Wassila. B

L’Algérie traverse une phase accélérée de son développement scientifique. Les annonces institutionnelles se multiplient à l’image des conventions entre le groupe Saidal et l’Université de Tipasa ou l’École nationale supérieure vétérinaire et la création d’un Haut conseil de la diaspora scientifique sous l’égide de la présidence. Les indices mondiaux sont encourageants. L’effervescence des initiatives et la progression dans les classements est encourageante. Les structures nouvellement créées, comme cet organe consultatif de la diaspora doté d’une autonomie financière, ne produisent pas de résultats en quelques semaines : elles préparent un terreau dont la fertilité ne se mesurera qu’à l’aune des décennies.
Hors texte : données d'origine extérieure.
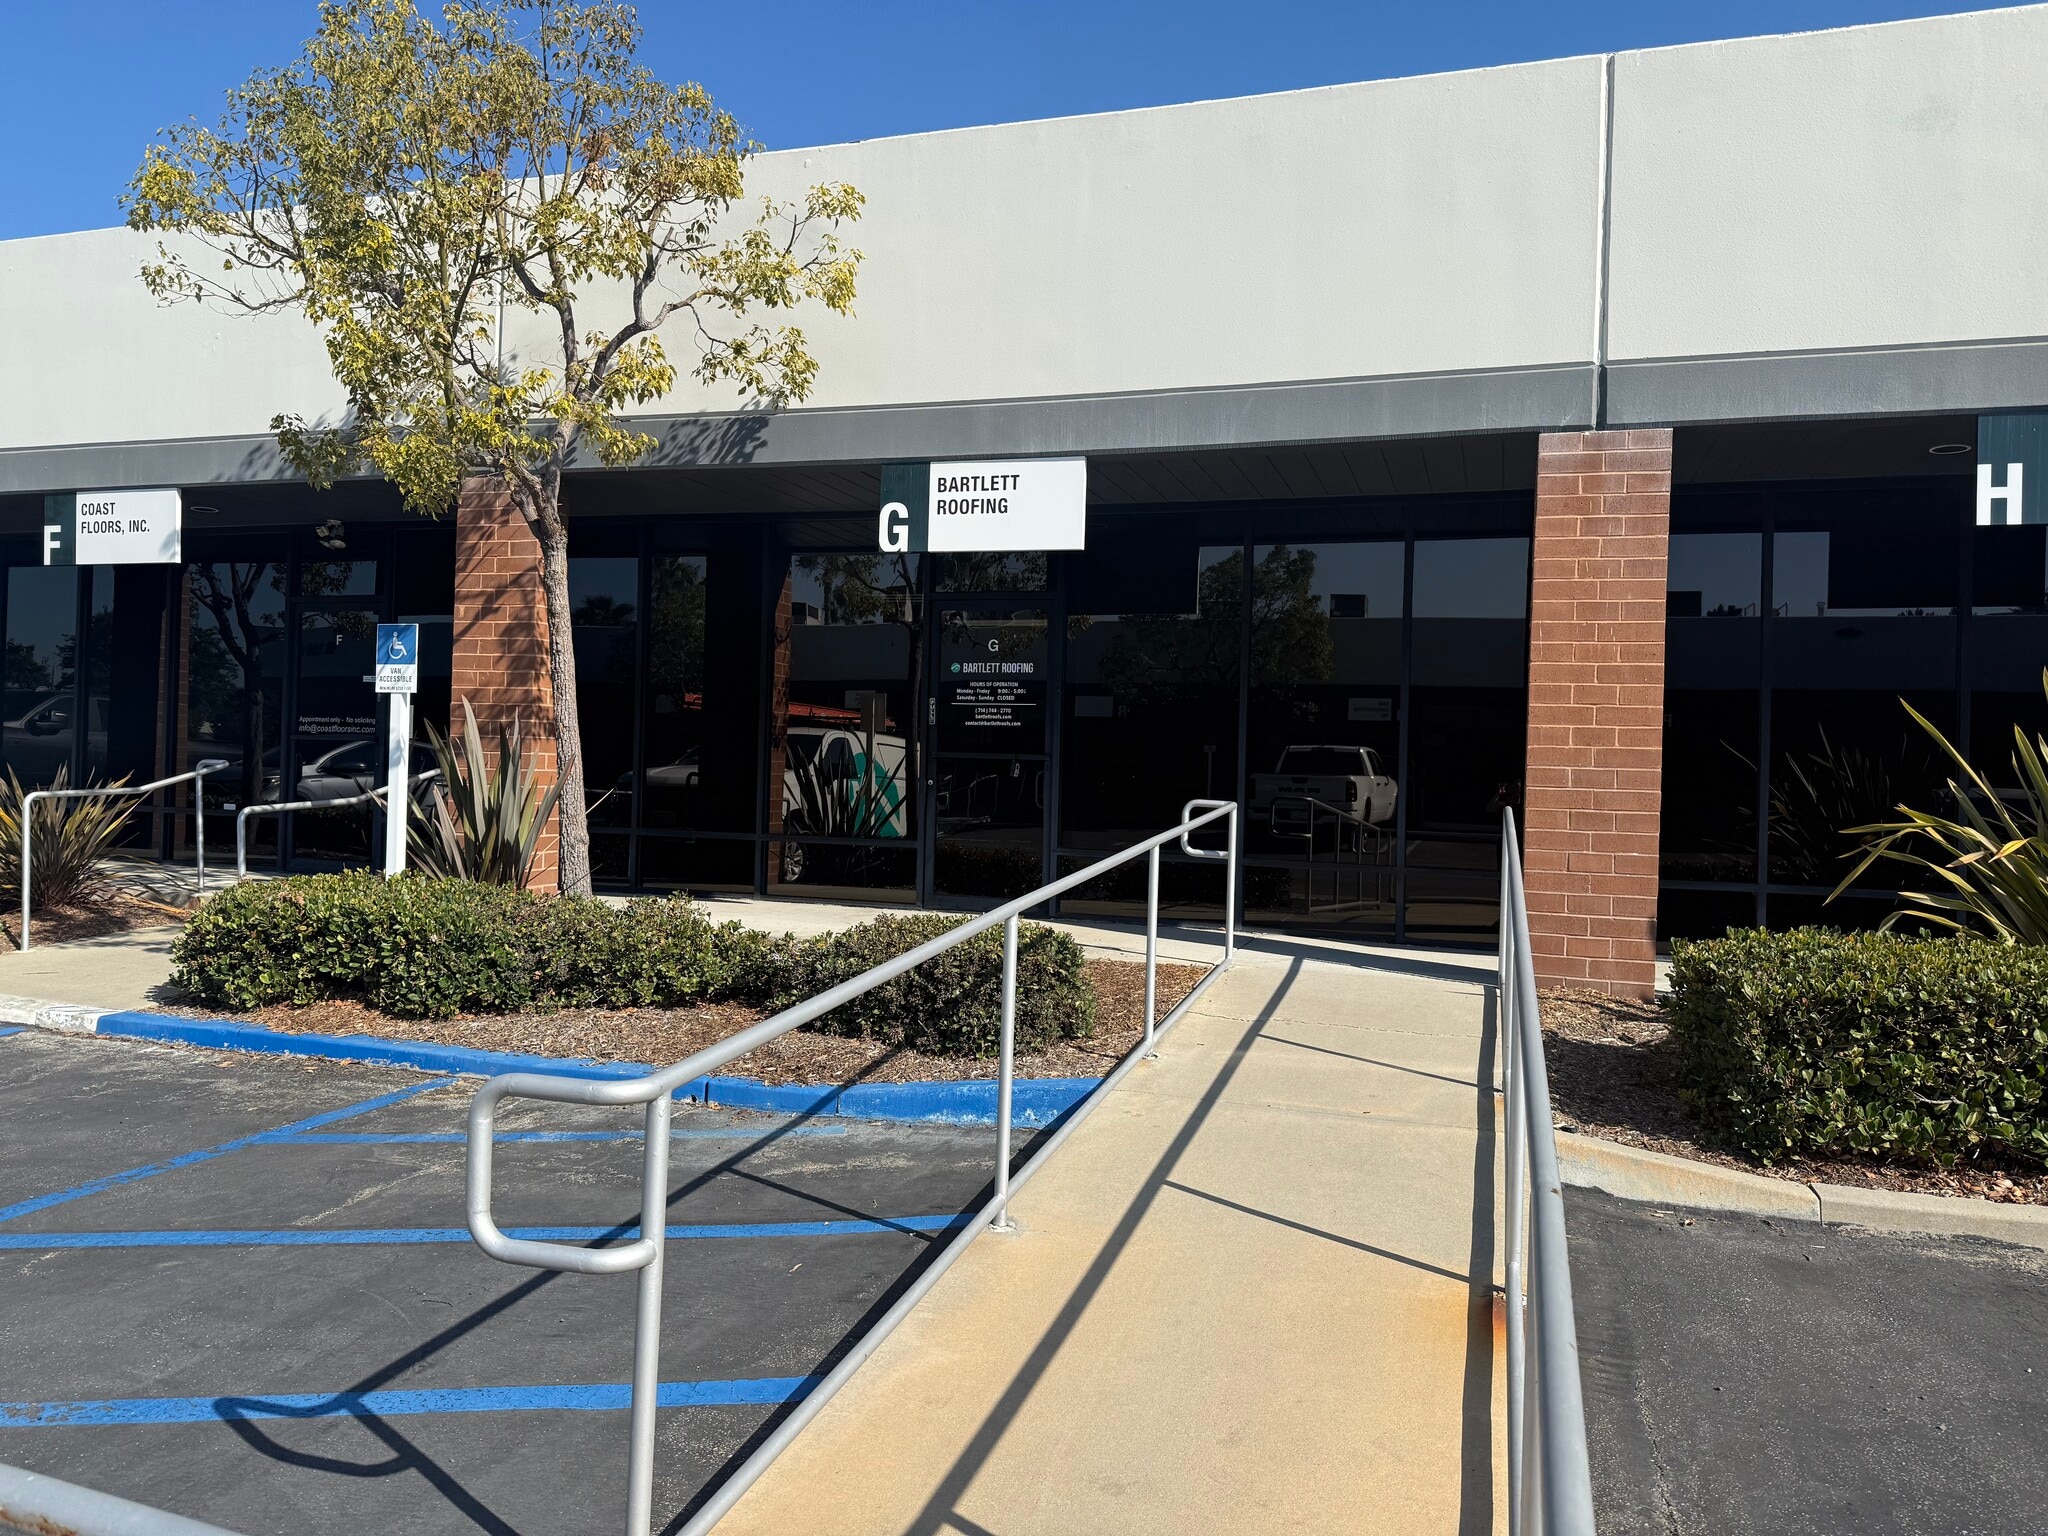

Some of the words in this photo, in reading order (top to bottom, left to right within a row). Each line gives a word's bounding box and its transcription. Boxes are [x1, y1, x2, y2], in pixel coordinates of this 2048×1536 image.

[937, 474, 1020, 493] BARTLETT
[1976, 463, 2023, 525] H
[81, 502, 116, 516] COAST
[937, 497, 1008, 515] ROOFING
[81, 520, 125, 535] FLOORS,
[129, 519, 150, 533] INC.
[878, 502, 909, 552] G
[44, 525, 61, 565] F
[336, 634, 343, 645] F
[988, 639, 999, 652] G
[963, 662, 1000, 673] BARTLETT
[1001, 662, 1034, 673] ROOFING
[379, 675, 413, 683] ACCESSIBLE
[298, 724, 376, 734] info@coastfloorsinc.com
Derrière ce tableau ambitieux, des indicateurs tangibles dessinent une trajectoire ascendante dans les classements globaux. Les dépôts de brevets, passés de 200 à 1 376 entre 2020 et 2024, témoignent d’une maturation du système de propriété intellectuelle. La place de 10e mondiale dans les dépenses d’éducation et le rang dans le top 20 pour les diplômés en sciences et ingénierie ne sont pas des mirages statistiques : ils reflètent un investissement structurel. L’Algérie construit ses fondations, pour récolter les fruits d’initiatives plus anciennes. La loi de finances 2026, qui impose aux grandes entreprises un investissement de 1 % de leur chiffre d’affaires dans la recherche, ne portera ses effets que dans les prochaines éditions du classement, mais elle ancre déjà dans le marbre une exigence que peu de pays de la région ont osé rendre contraignante.
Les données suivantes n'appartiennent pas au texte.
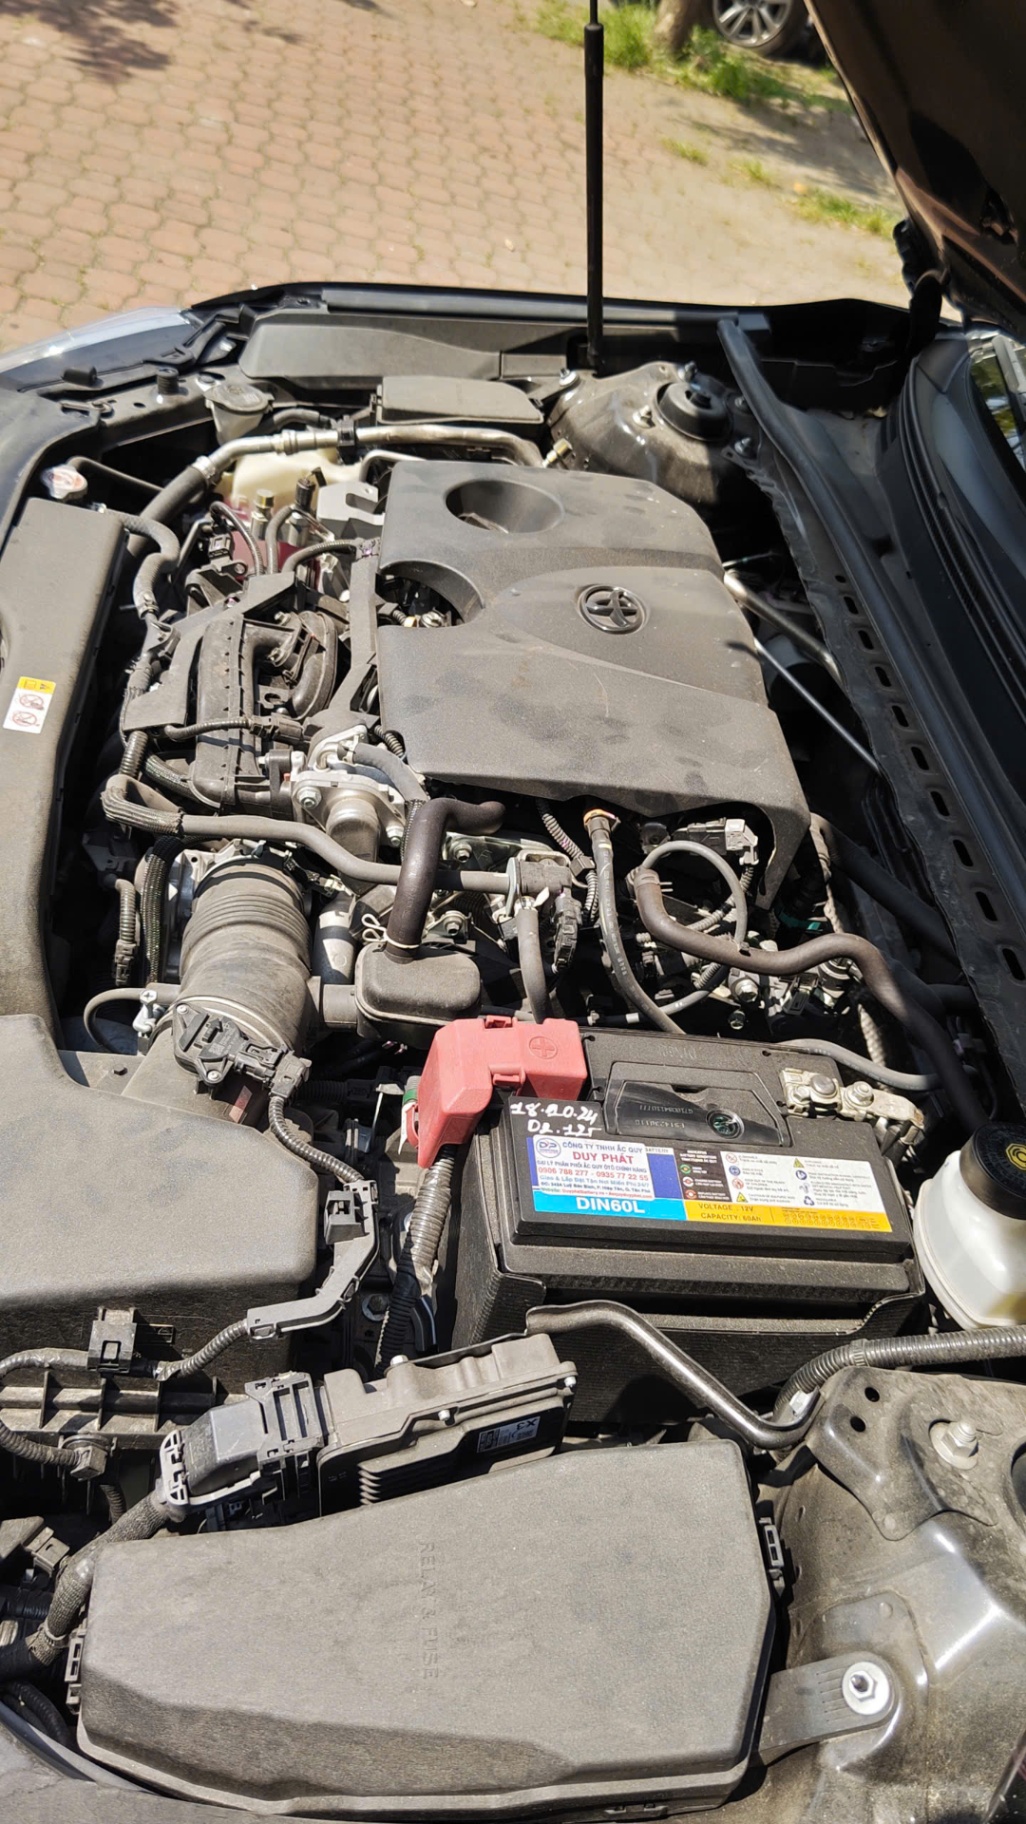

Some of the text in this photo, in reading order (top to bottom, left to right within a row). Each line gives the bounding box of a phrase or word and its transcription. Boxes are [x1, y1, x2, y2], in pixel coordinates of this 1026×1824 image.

[572, 1151, 634, 1164] DUY PHÁT
[576, 1197, 645, 1214] DIN60L
[422, 1628, 439, 1680] FUSE
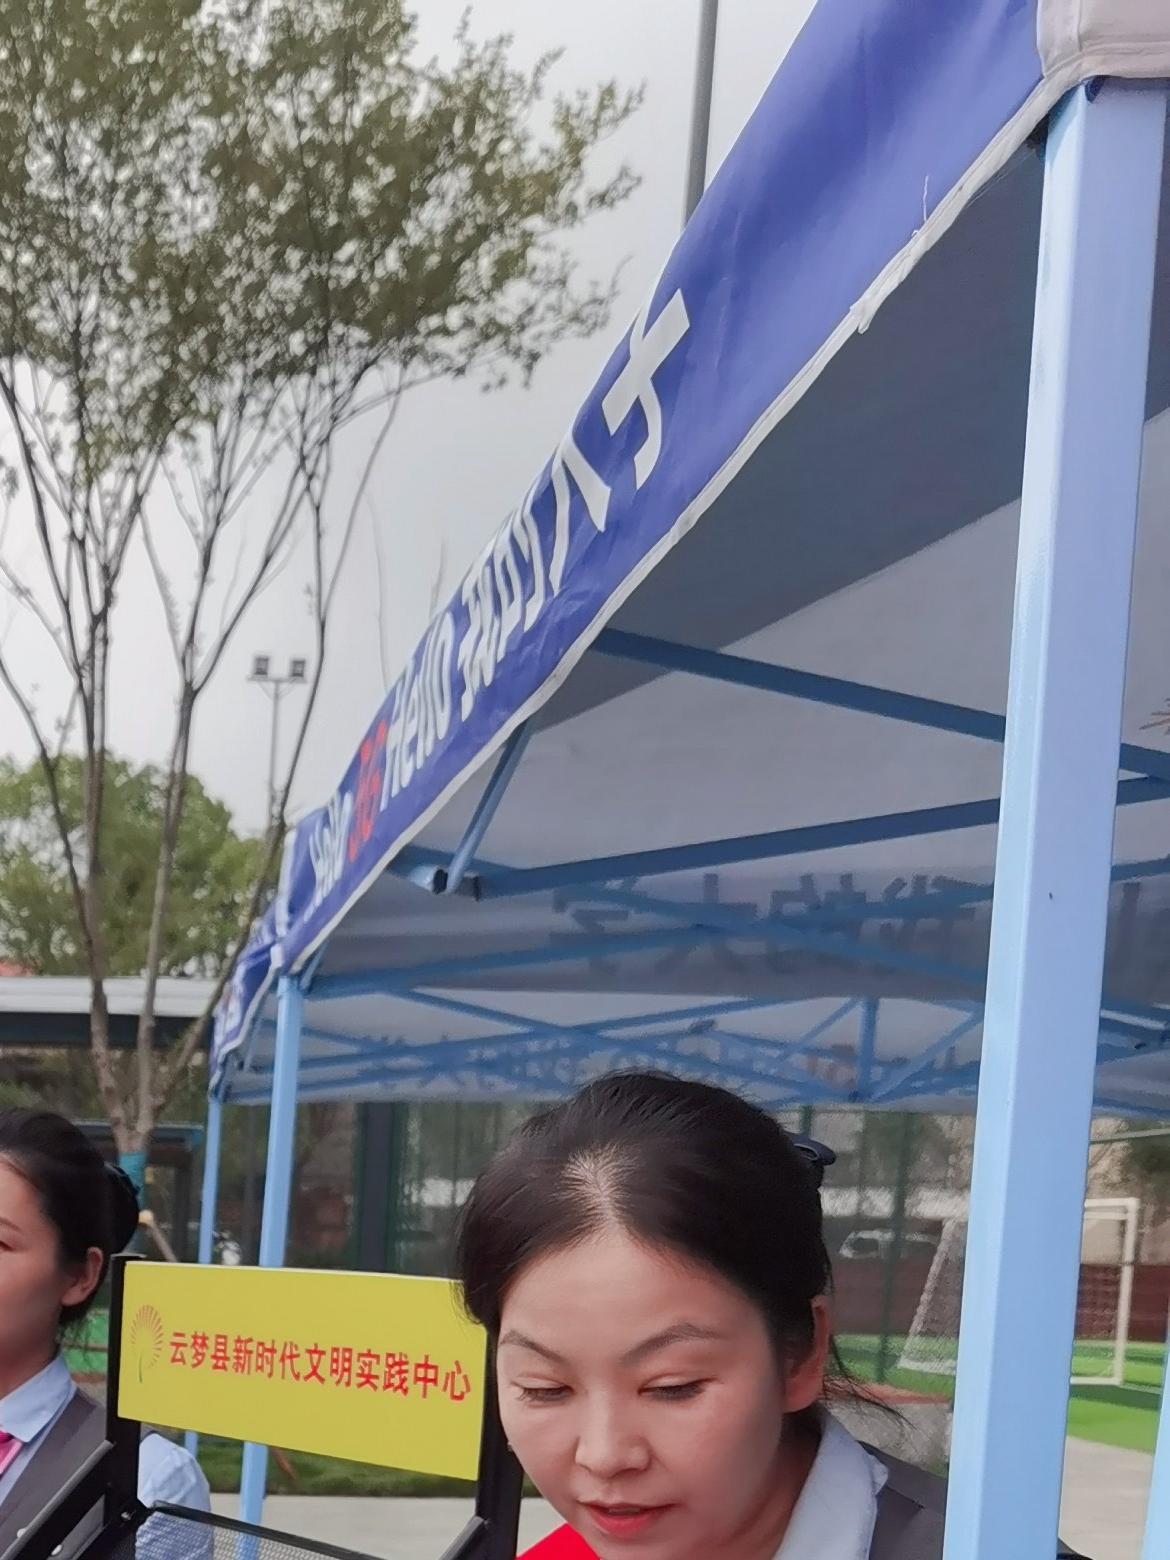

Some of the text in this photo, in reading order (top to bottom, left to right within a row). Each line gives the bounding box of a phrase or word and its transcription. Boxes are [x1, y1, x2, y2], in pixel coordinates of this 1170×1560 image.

[169, 1331, 472, 1402] 云梦县新时代文明实践中心
L’exemple de Saidal est à cet égard éloquent. Avec un chiffre d’affaires en hausse de 98,43 % et une production en progression de près de 10 %, le groupe pharmaceutique public incarne une dynamique de croissance réelle, adossée à des partenariats académiques concrets. Cette performance économique, validée par son assemblée générale, prouve qu’un acteur public peut innover dans ses méthodes et ses alliances sans attendre que les indicateurs internationaux le reconnaissent. La convention avec l’ENSV, qui forme des vétérinaires depuis 1970, ne vise pas un effet d’annonce : elle ancre la recherche dans des besoins nationaux (santé animale, pharmacologie, biosécurité) que les classements mondiaux, par nature généralistes, ne valorisent qu’imparfaitement. L’Algérie choisit une voie utilitaire, parfois moins spectaculaire, mais plus durable. Les économies africaines ne disposent pas toutes d’un réservoir de 3 à 4 millions de compétences expatriées, ni d’un Haut conseil dédié à leur mobilisation. La recherche ne se décrète pas, elle se construit pierre par pierre. Les conventions, les lois et les institutions nouvelles sont les échafaudages d’un édifice dont la visibilité internationale n’est qu’une facette. L’Algérie, en multipliant les structures et en contraignant ses entreprises à investir, assume un pari de long terme. Dans quelques années, quand les indicateurs de dépôts de brevets et de publications croiseront ceux de la formation et de l’investissement privé, le classement mondial devra bien refléter cette réalité. En attendant, le pays a raison de ne pas courir après des palmarès qui mesurent souvent moins l’innovation réelle que la capacité à la mettre en scène.